● Source data
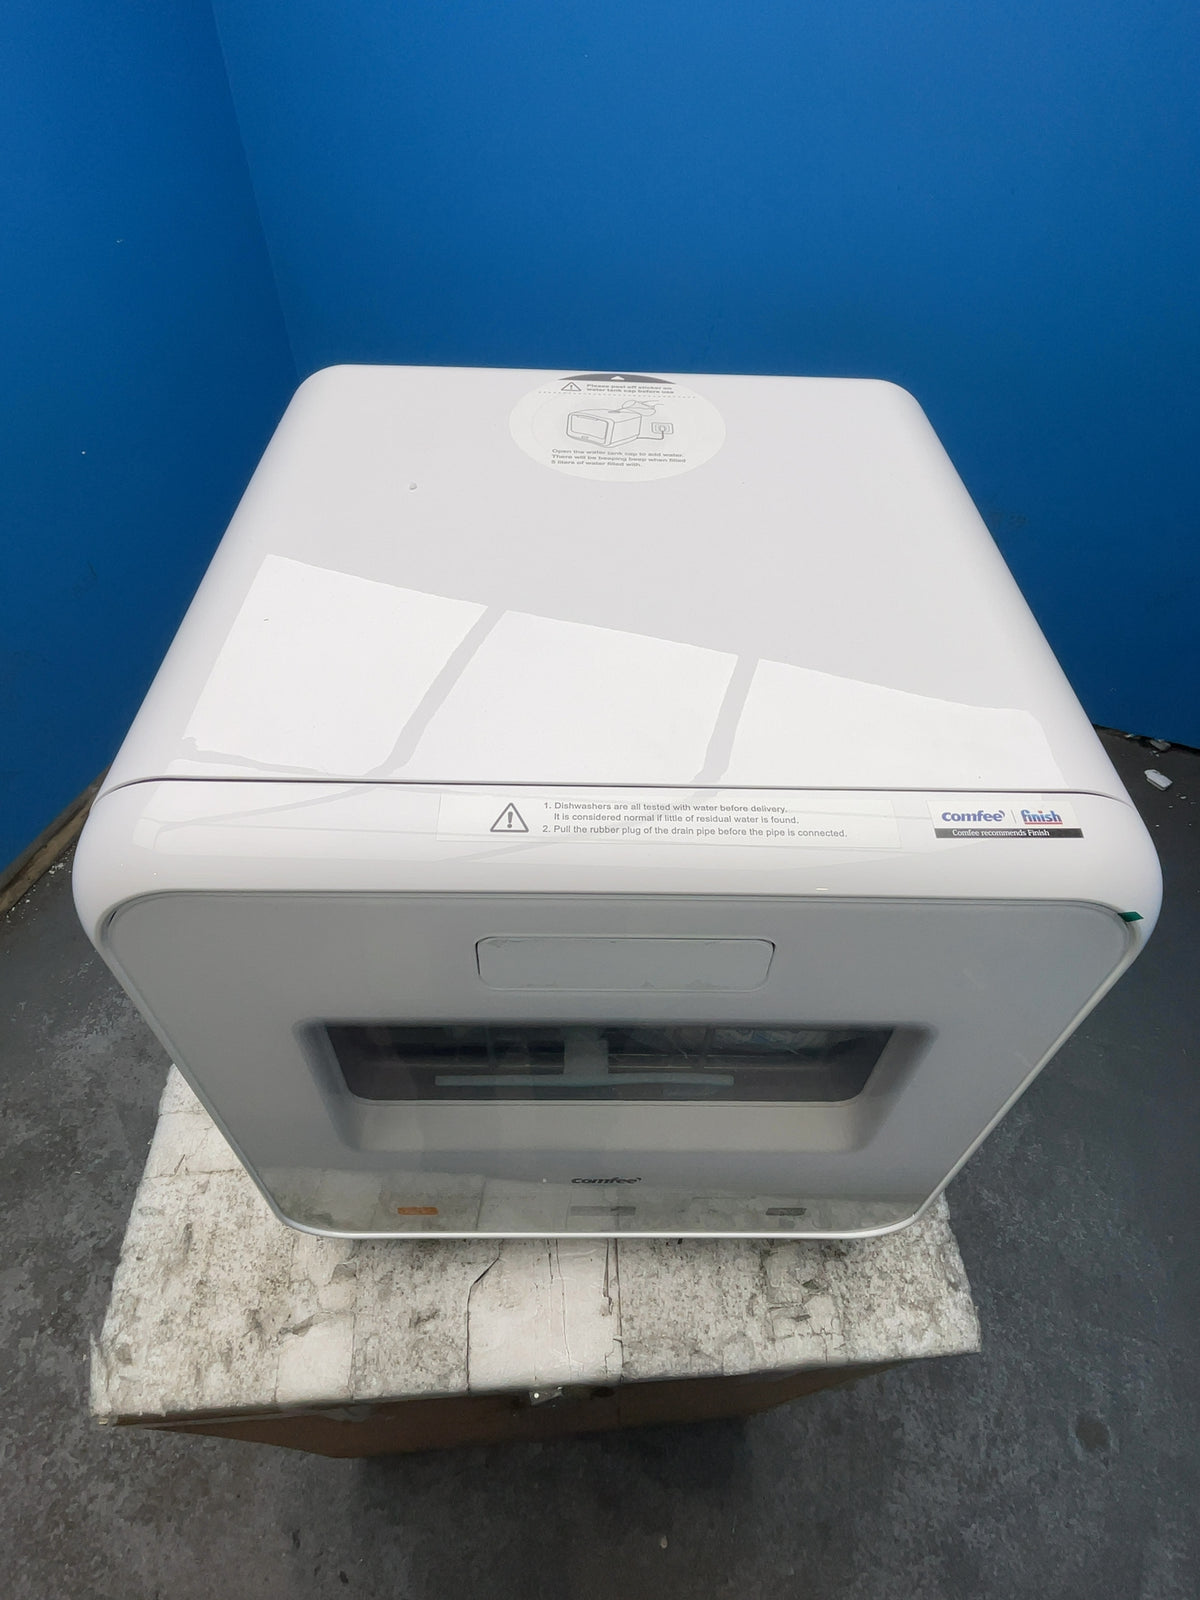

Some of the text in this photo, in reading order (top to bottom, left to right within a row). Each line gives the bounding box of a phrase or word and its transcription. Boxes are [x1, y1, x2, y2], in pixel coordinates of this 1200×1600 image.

[751, 805, 788, 814] delivery.
[771, 816, 800, 824] found.
[1020, 809, 1062, 823] finish
[622, 827, 641, 836] plug
[696, 828, 716, 836] pipe
[718, 828, 747, 836] before
[766, 829, 786, 838] pipe
[788, 829, 796, 837] is
[798, 830, 848, 838] connected.
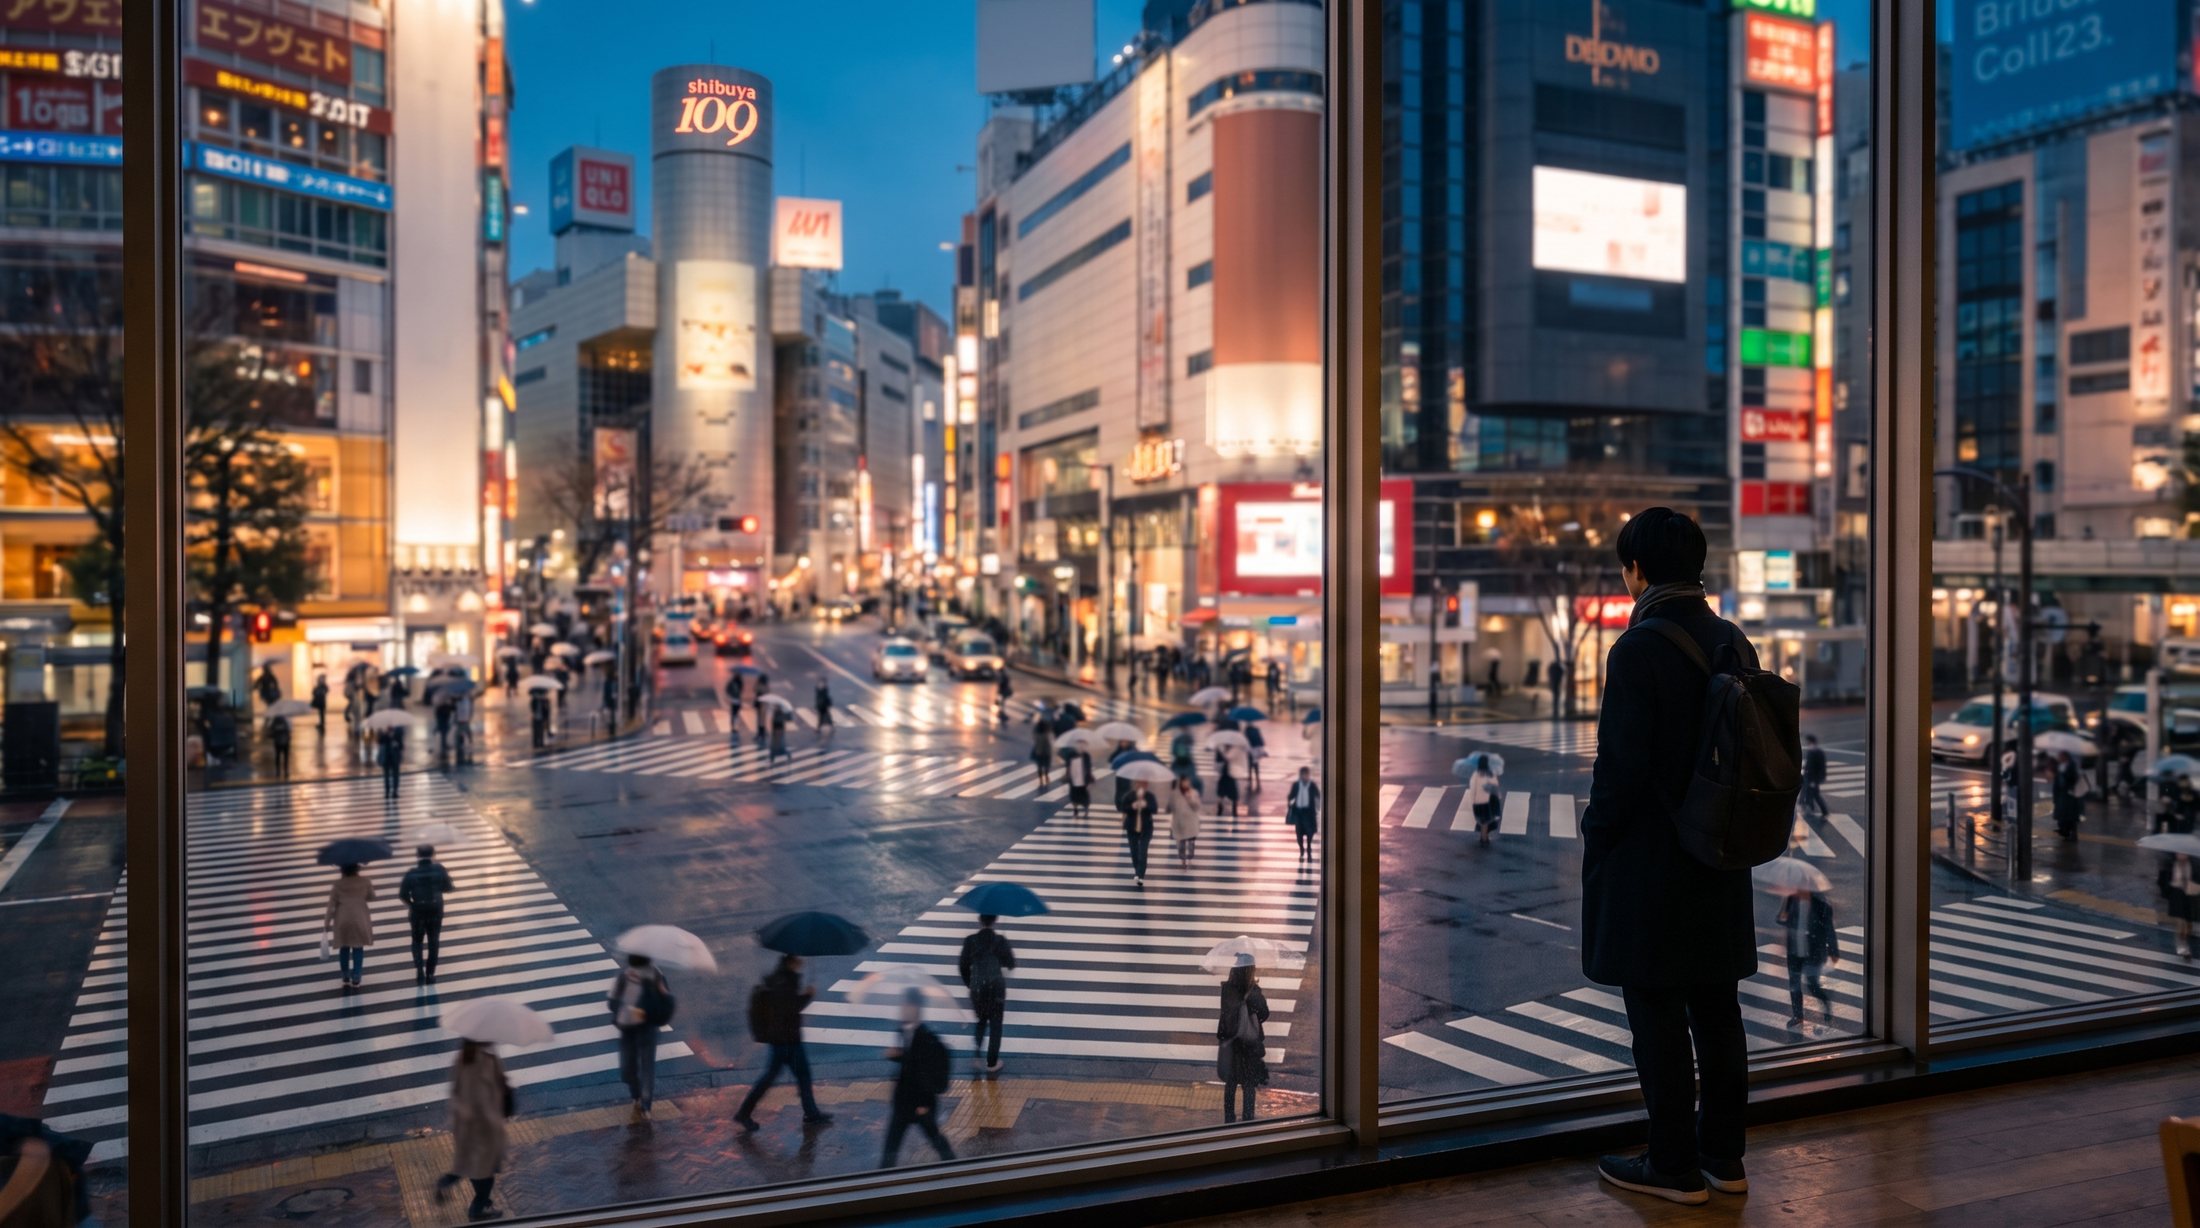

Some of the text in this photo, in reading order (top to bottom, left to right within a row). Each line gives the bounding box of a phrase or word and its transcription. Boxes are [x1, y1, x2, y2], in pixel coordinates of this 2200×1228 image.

● Your assignment
All the material above should be written out exactly, with images omitted.

● Task result
Some of the text in this photo, in reading order (top to bottom, left to right within a row). Each line gives the bounding box of a phrase or word and its transcription. Boxes are [x1, y1, x2, y2], in pixel coordinates of this 1200×1600 image.

[751, 805, 788, 814] delivery.
[771, 816, 800, 824] found.
[1020, 809, 1062, 823] finish
[622, 827, 641, 836] plug
[696, 828, 716, 836] pipe
[718, 828, 747, 836] before
[766, 829, 786, 838] pipe
[788, 829, 796, 837] is
[798, 830, 848, 838] connected.

Some of the text in this photo, in reading order (top to bottom, left to right within a row). Each line gives the bounding box of a phrase or word and its transcription. Boxes are [x1, y1, x2, y2], in pixel coordinates of this 2200×1228 image.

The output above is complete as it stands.